Image-backed grounding data
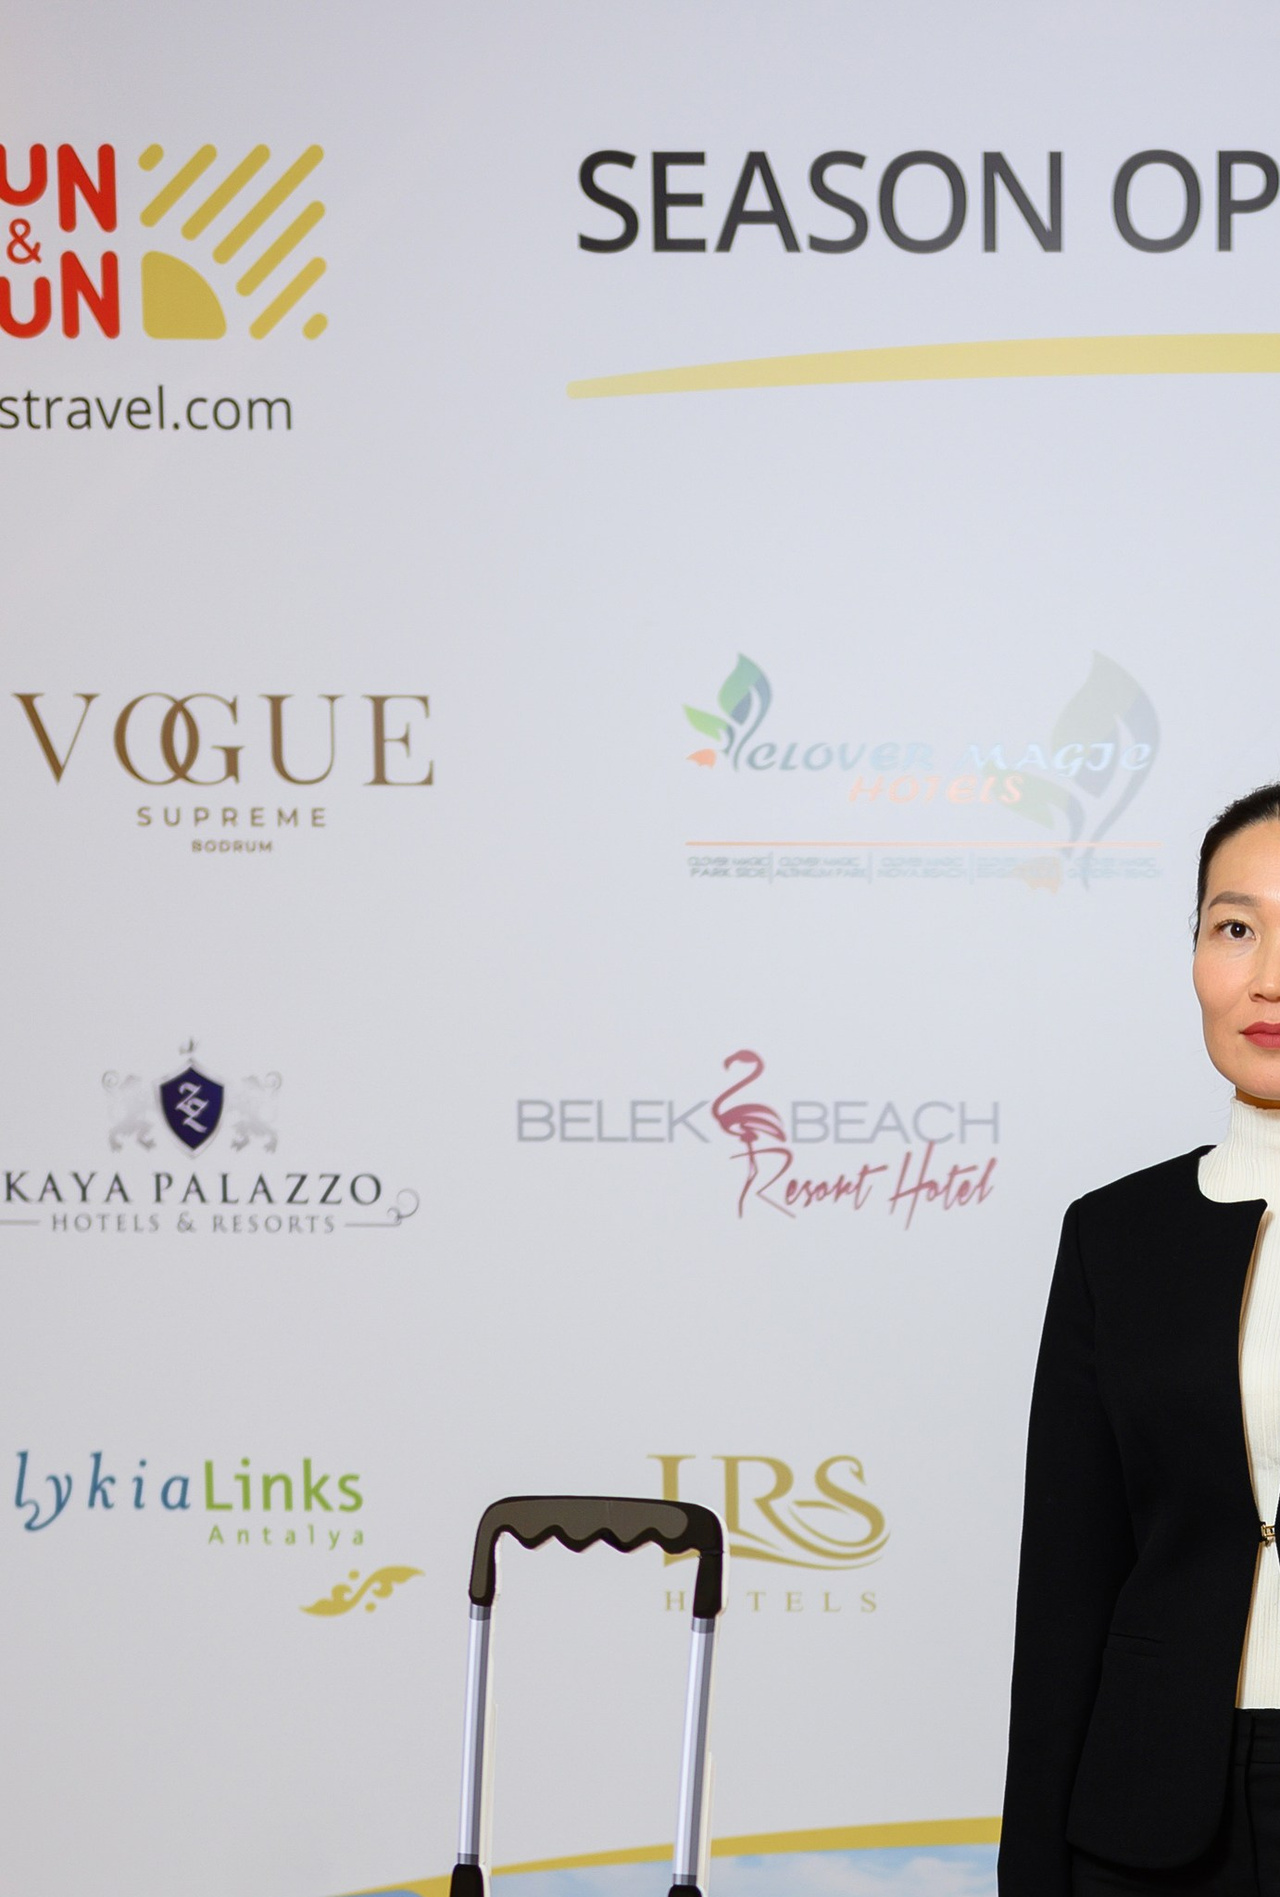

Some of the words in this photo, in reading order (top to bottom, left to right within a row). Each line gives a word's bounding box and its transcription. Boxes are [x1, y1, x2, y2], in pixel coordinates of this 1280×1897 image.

[576, 150, 1063, 255] SEASON
[6, 218, 42, 265] &
[11, 692, 434, 787] VOGUE
[747, 742, 935, 772] CLOVER
[955, 742, 1153, 778] MAGIC
[848, 774, 1025, 805] HOTELS
[136, 806, 328, 829] SUPREME
[191, 839, 274, 854] BODRUM
[515, 1099, 712, 1144] BELEK
[789, 1100, 1000, 1144] BEACH
[2, 1171, 131, 1203] KAYA
[153, 1172, 383, 1207] PALAZZO
[888, 1141, 998, 1231] Hotel
[51, 1212, 161, 1233] HOTELS
[176, 1213, 197, 1233] &
[211, 1213, 336, 1235] RESORTS
[207, 1523, 365, 1550] Antalya
[663, 1590, 878, 1614] HTELS
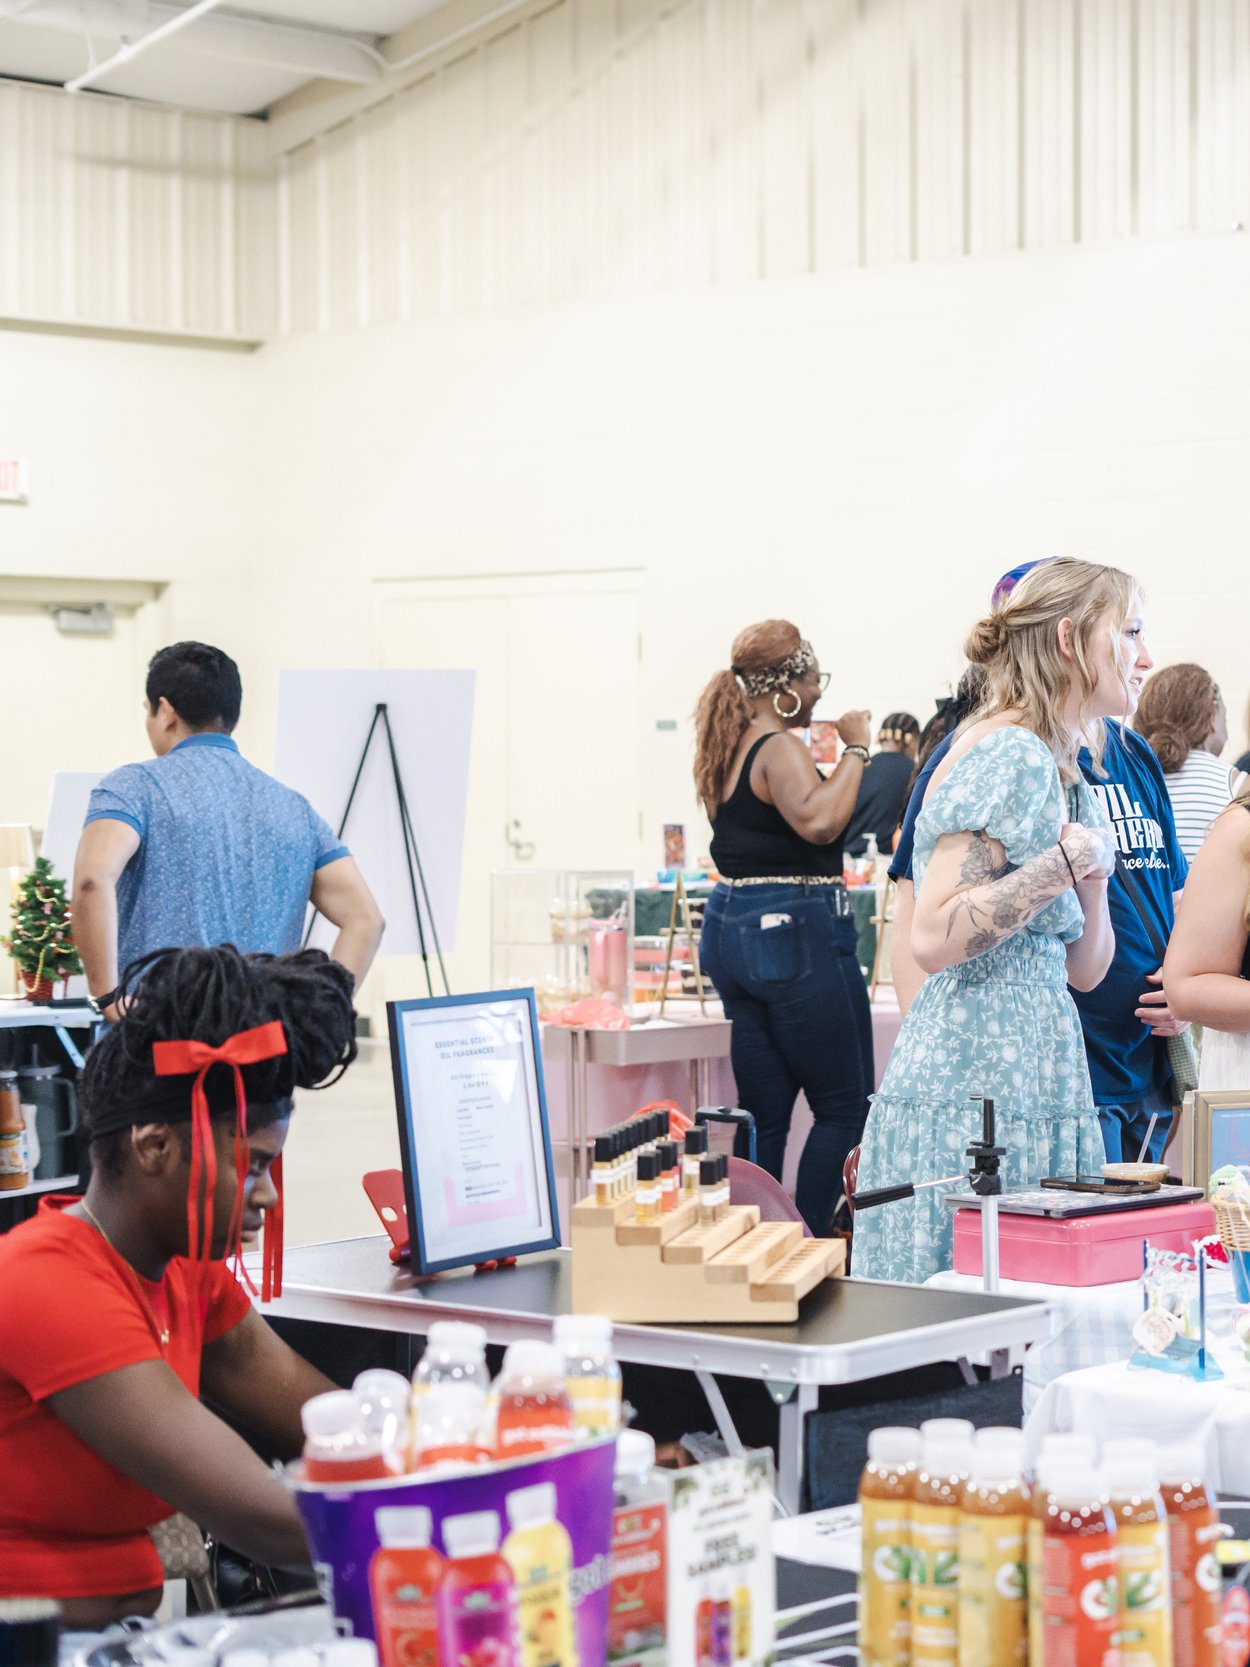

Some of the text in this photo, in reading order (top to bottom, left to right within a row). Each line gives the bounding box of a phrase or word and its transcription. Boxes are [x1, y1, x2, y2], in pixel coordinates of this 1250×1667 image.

[0, 460, 19, 492] IT
[434, 1039, 469, 1049] ESSENTIAL
[453, 1047, 495, 1057] FRAGRANCES
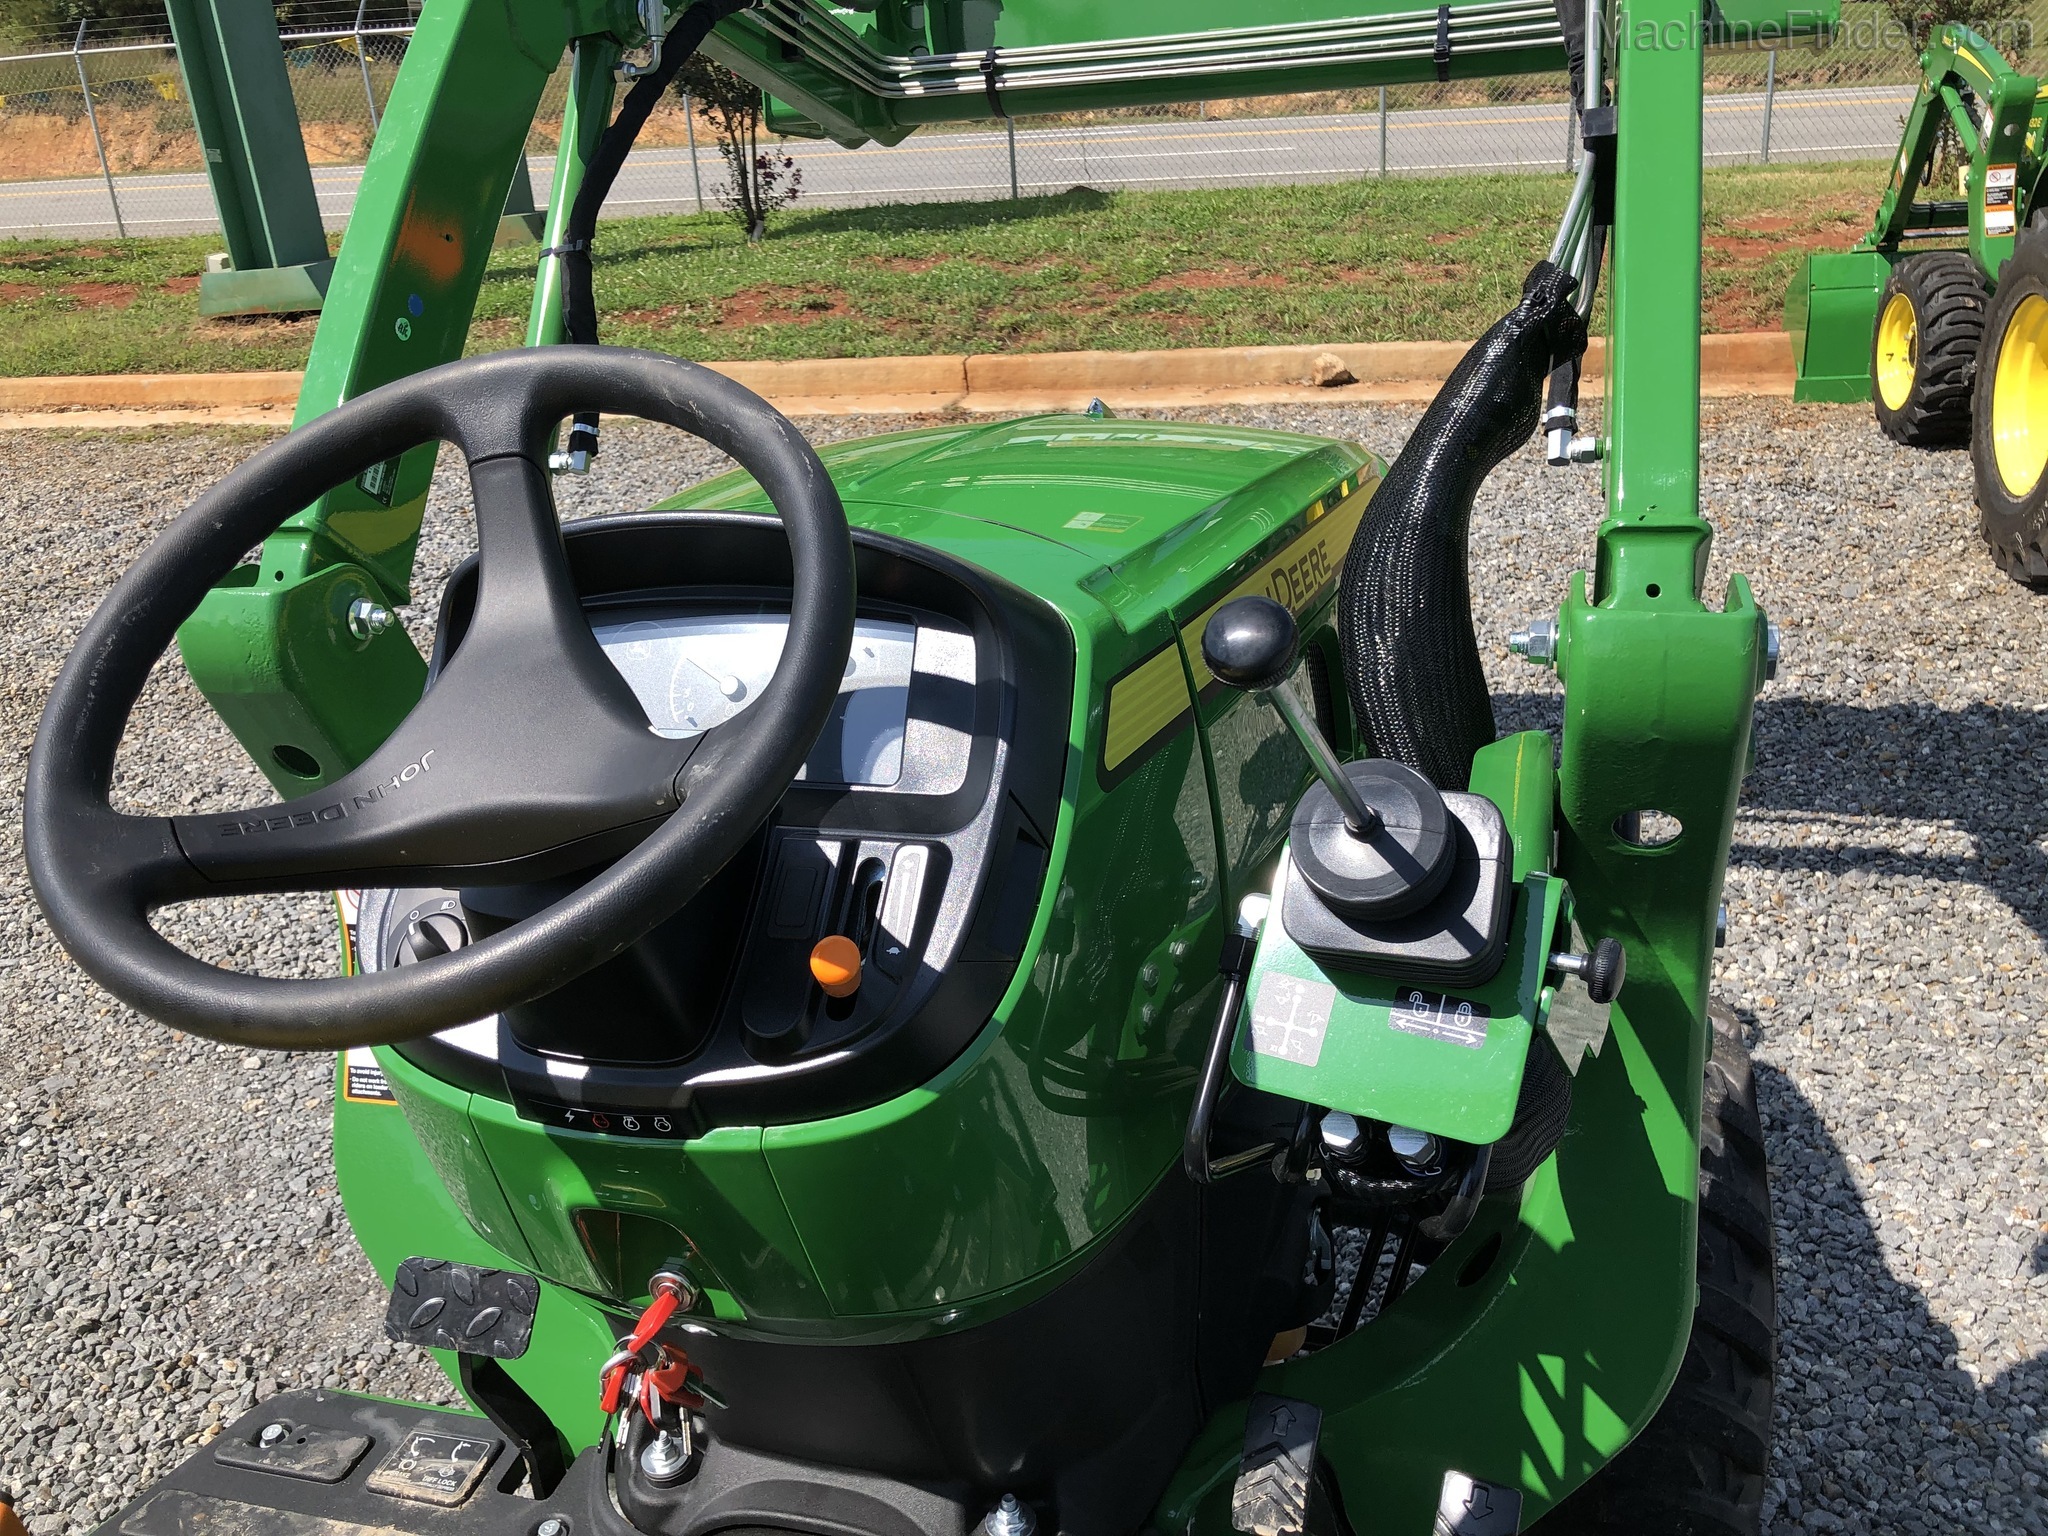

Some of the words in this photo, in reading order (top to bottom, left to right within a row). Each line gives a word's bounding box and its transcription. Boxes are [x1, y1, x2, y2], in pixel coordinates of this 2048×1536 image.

▸ YOUR TASK
When pictures appear among the entries, skip them and copy all remaining text precisely.

▸ ANSWER SPACE
Some of the words in this photo, in reading order (top to bottom, left to right within a row). Each line gives a word's bounding box and its transcription. Boxes are [x1, y1, x2, y2], in pixel coordinates of this 1280×1897 image.

[576, 150, 1063, 255] SEASON
[6, 218, 42, 265] &
[11, 692, 434, 787] VOGUE
[747, 742, 935, 772] CLOVER
[955, 742, 1153, 778] MAGIC
[848, 774, 1025, 805] HOTELS
[136, 806, 328, 829] SUPREME
[191, 839, 274, 854] BODRUM
[515, 1099, 712, 1144] BELEK
[789, 1100, 1000, 1144] BEACH
[2, 1171, 131, 1203] KAYA
[153, 1172, 383, 1207] PALAZZO
[888, 1141, 998, 1231] Hotel
[51, 1212, 161, 1233] HOTELS
[176, 1213, 197, 1233] &
[211, 1213, 336, 1235] RESORTS
[207, 1523, 365, 1550] Antalya
[663, 1590, 878, 1614] HTELS

Some of the text in this photo, in reading order (top to bottom, left to right within a row). Each line gives the bounding box of a phrase or word and its transcription. Boxes are [x1, y1, x2, y2], in pixel coordinates of this 1250×1667 image.

[0, 460, 19, 492] IT
[434, 1039, 469, 1049] ESSENTIAL
[453, 1047, 495, 1057] FRAGRANCES

Some of the words in this photo, in reading order (top to bottom, left to right within a row). Each line gives a word's bounding box and its transcription. Boxes are [x1, y1, x2, y2], in pixel coordinates of this 2048×1536 image.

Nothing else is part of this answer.